Task requirements: The output should consist solely of the lines running from the one that contains "Some of the text" through the end of the records below, copied exactly.

******

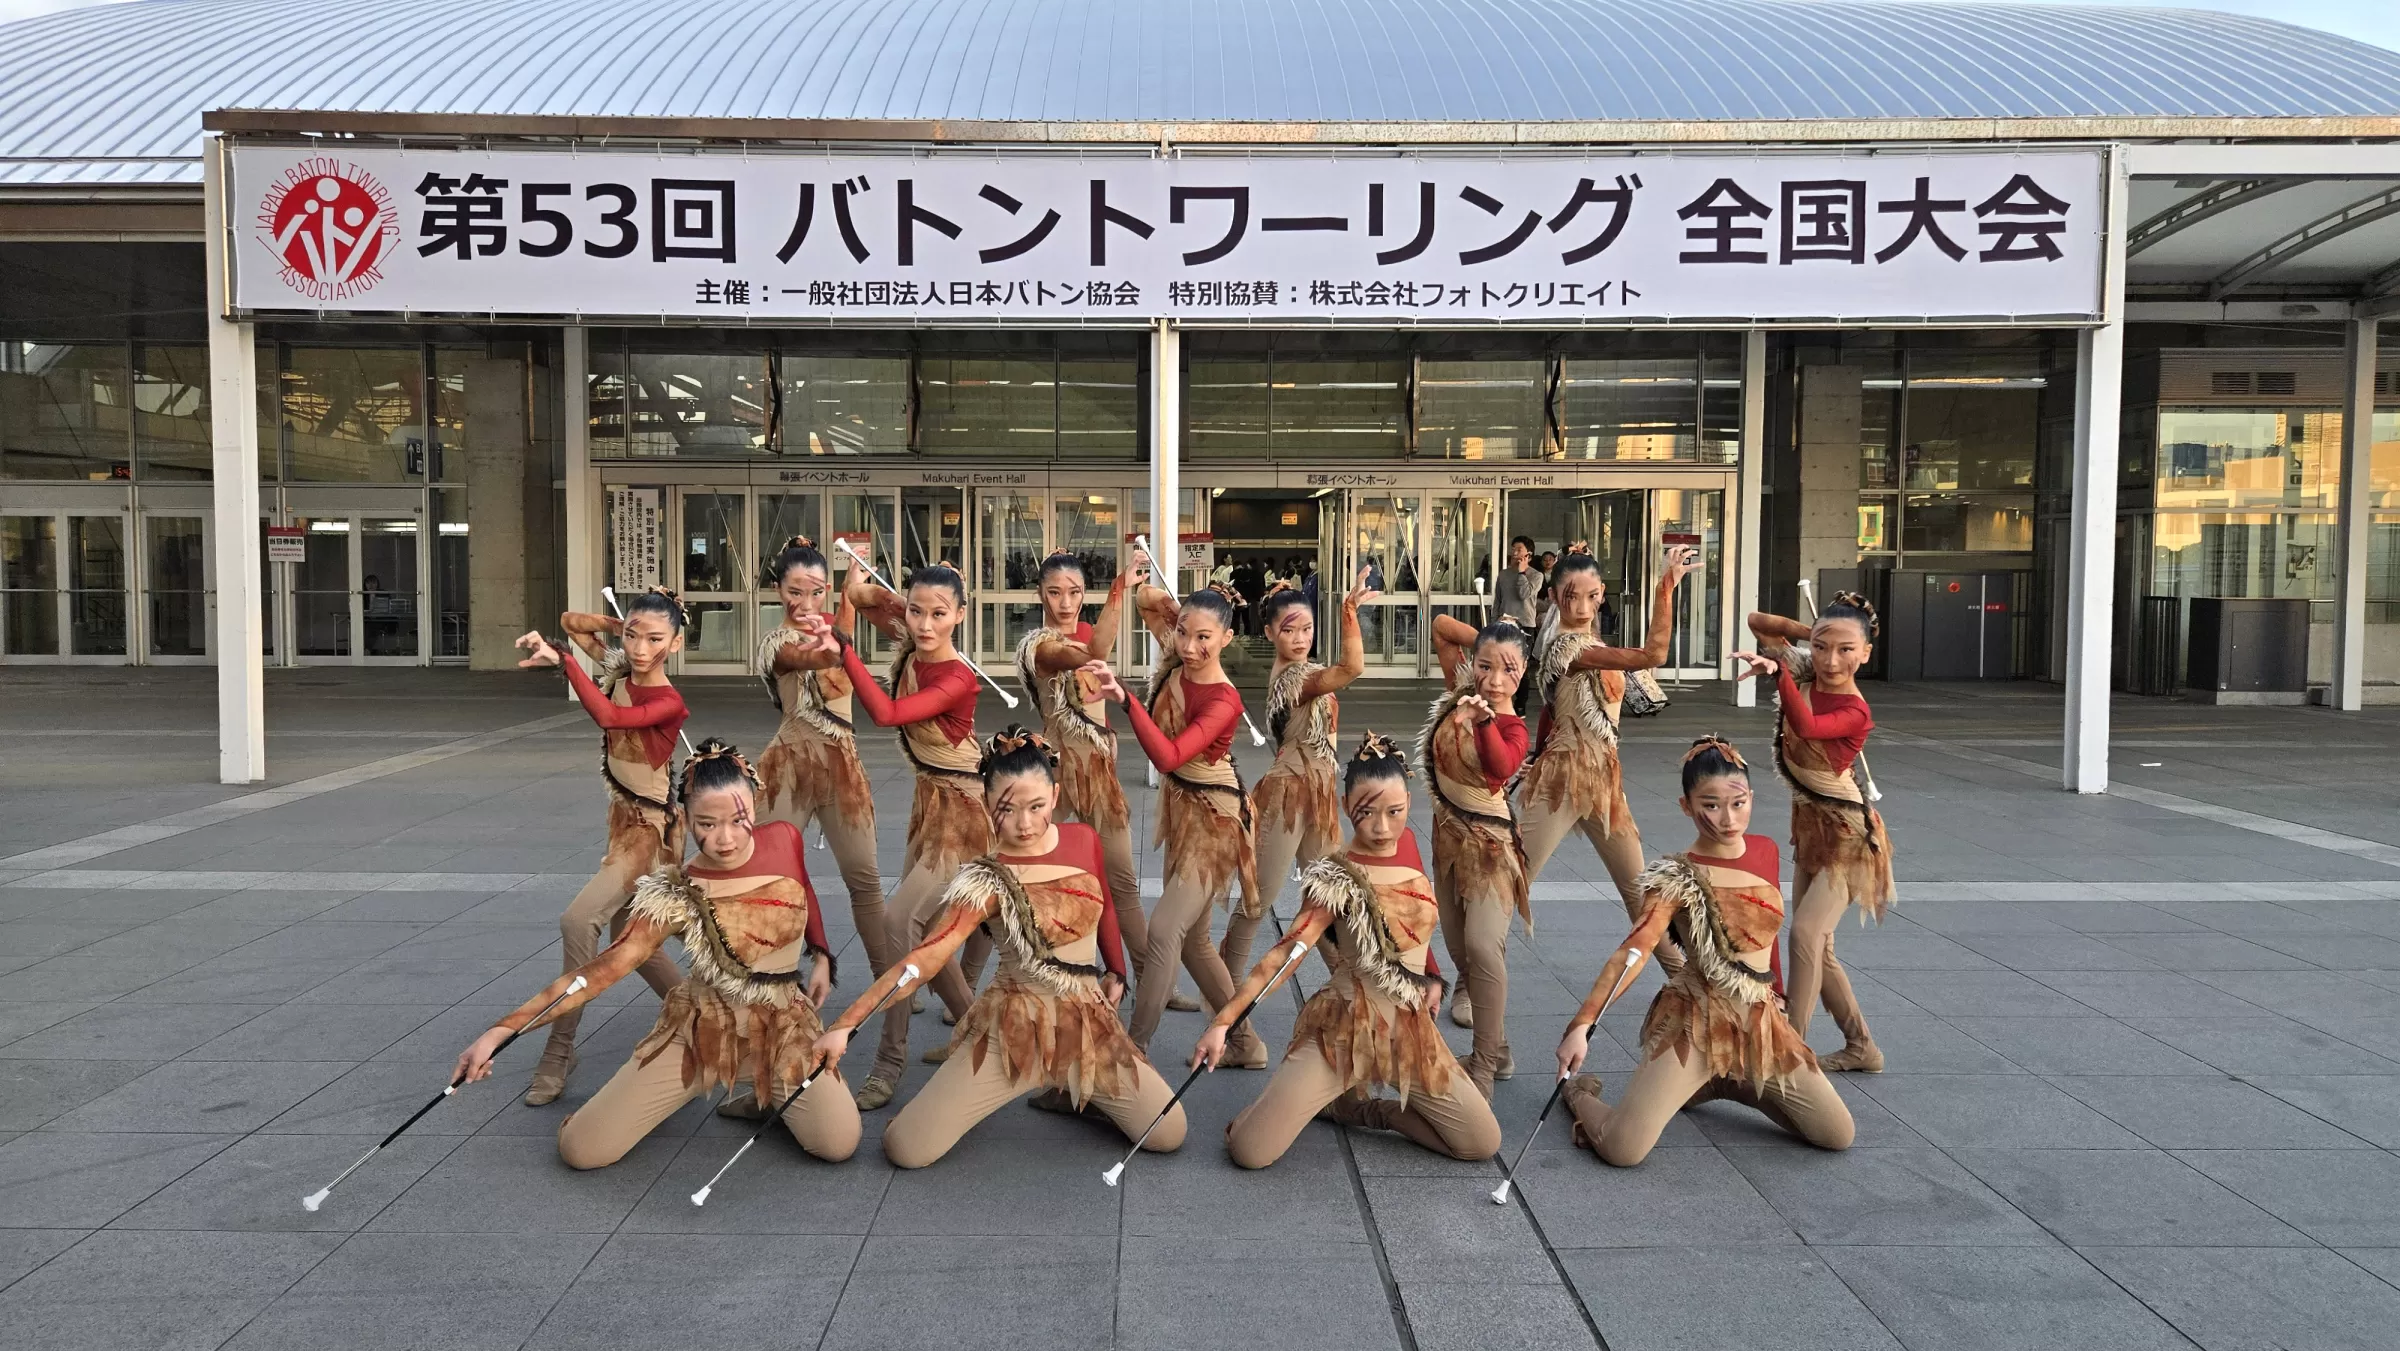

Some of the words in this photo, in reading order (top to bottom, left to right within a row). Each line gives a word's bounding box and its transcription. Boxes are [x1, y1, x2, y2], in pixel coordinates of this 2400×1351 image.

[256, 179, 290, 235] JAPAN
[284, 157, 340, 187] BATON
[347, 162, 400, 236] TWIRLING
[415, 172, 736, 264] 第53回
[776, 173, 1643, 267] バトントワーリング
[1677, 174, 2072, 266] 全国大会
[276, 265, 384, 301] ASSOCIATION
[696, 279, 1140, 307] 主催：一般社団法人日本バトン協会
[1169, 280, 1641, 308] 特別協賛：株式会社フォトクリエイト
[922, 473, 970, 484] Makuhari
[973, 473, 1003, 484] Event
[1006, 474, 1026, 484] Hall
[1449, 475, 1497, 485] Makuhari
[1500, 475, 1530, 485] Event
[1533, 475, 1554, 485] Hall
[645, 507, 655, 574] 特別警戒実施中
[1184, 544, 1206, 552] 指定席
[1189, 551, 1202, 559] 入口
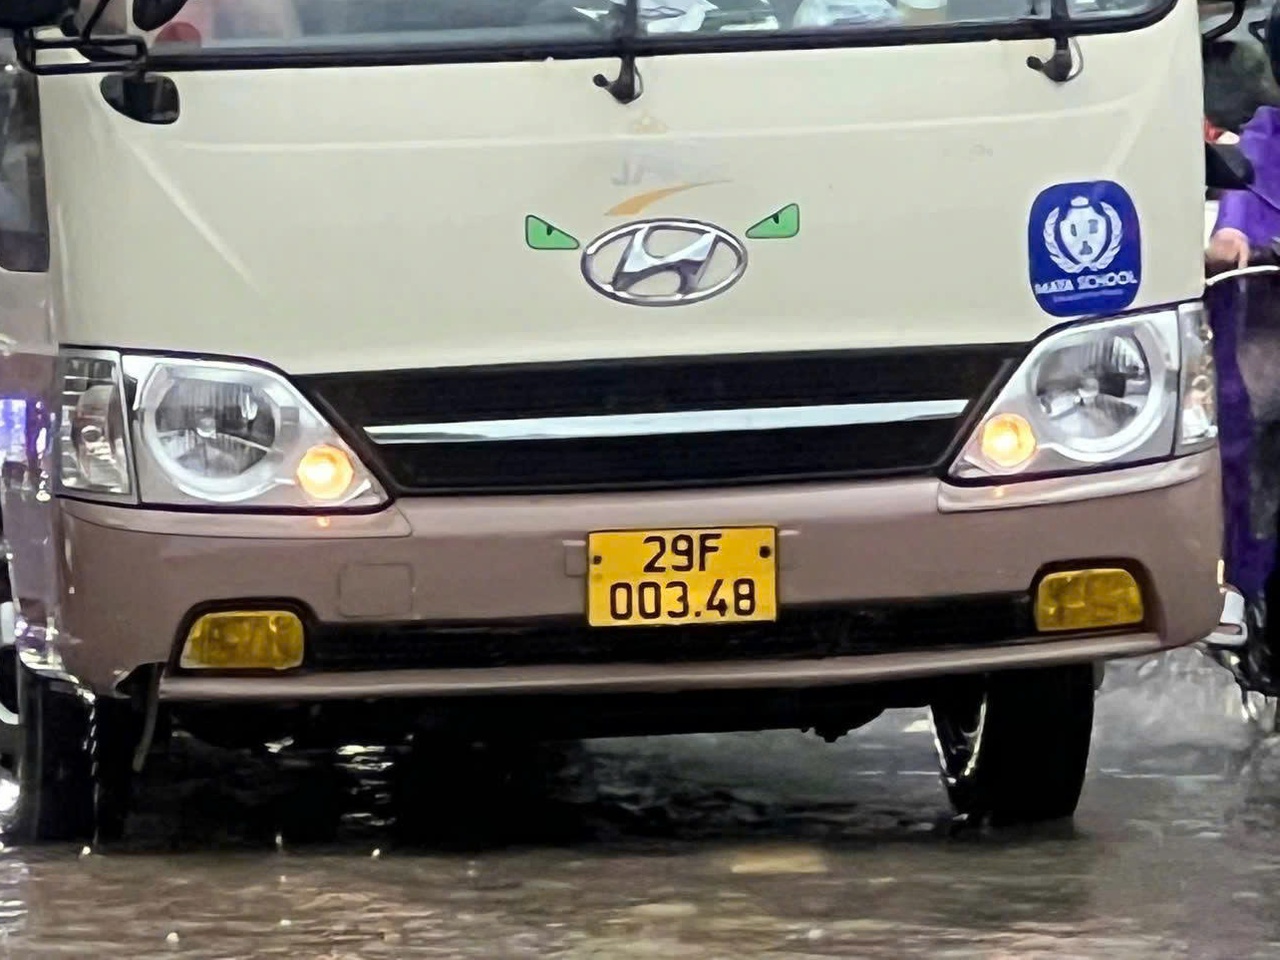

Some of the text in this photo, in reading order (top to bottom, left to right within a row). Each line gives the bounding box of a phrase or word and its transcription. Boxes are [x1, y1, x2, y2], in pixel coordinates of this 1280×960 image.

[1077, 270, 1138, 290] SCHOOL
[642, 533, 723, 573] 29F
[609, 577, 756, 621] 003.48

******

Solution to the problem:
Some of the text in this photo, in reading order (top to bottom, left to right within a row). Each line gives the bounding box of a phrase or word and its transcription. Boxes are [x1, y1, x2, y2], in pixel coordinates of this 1280×960 image.

[1077, 270, 1138, 290] SCHOOL
[642, 533, 723, 573] 29F
[609, 577, 756, 621] 003.48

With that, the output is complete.